Agencja ogłaszała chęć sprzedaży danej nieruchomości, publikowano ogłoszenie i po 21 dniach nieruchomość wystawiana była na przetarg, do którego mógł przystąpić każdy. Tyle tylko, że prawo pierwszeństwa nabycia takiej nieruchomości miały osoby, które były spadkobiercami i zgłaszały roszczenia reprywatyzacyjne – dodał Schirmer.

Jak podkreślił, możliwość odkupienia należnej spadkobiercom ziemi po cenie wynikającej z oszacowania ekspertów ANR była jedynym atutem potomków ziemian. Obecnie i ten „przywilej” został im odebrany.

Wprawdzie ustawa przejdzie jeszcze przez Senat i finalnie trafi do podpisu Prezydenta RP, a PTZ będzie zabiegało o zmianę niekorzystnych zapisów, ale doświadczenie pokazuje, że Wyższa Izba Parlamentu, w której większość mają posłowie PO, rządowe projekty ustaw przyjmuje bez zmian.

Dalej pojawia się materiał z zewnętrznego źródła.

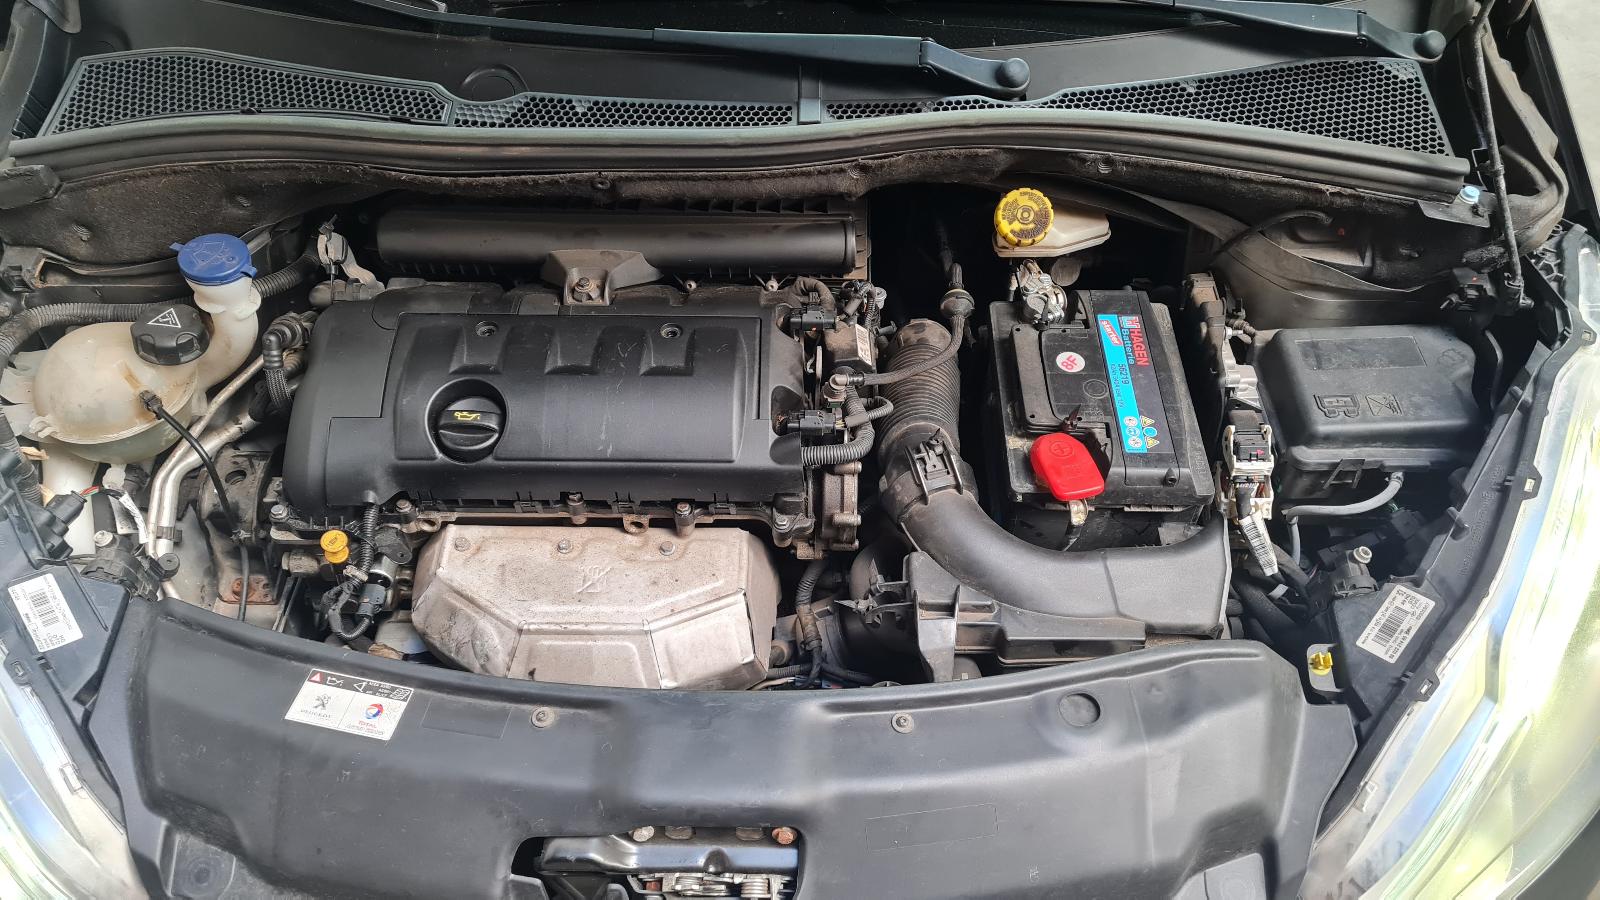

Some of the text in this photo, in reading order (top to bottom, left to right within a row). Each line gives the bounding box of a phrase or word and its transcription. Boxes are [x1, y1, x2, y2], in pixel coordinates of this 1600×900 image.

Ta ustawa dotyka nas w tym jednym punkcie, ale ona w innym miejscu narusza np. prawa dzierżawców, którzy także występują w tej sprawie. Udowadniamy, że ta ustawa jest niekonstytucyjna i będziemy apelowali do Prezydenta, by jej nie podpisywał, albo przynajmniej skierował ją do Trybunału Konstytucyjnego – zapewnił Schirmer.

Jak przypomniał, nierozwiązana pozostaje też sprawa reprywatyzacji. Dlatego też PTZ już w kampanii prezydenckiej przypomniało o problemie i uczyni to ponownie przed wyborami parlamentarnymi.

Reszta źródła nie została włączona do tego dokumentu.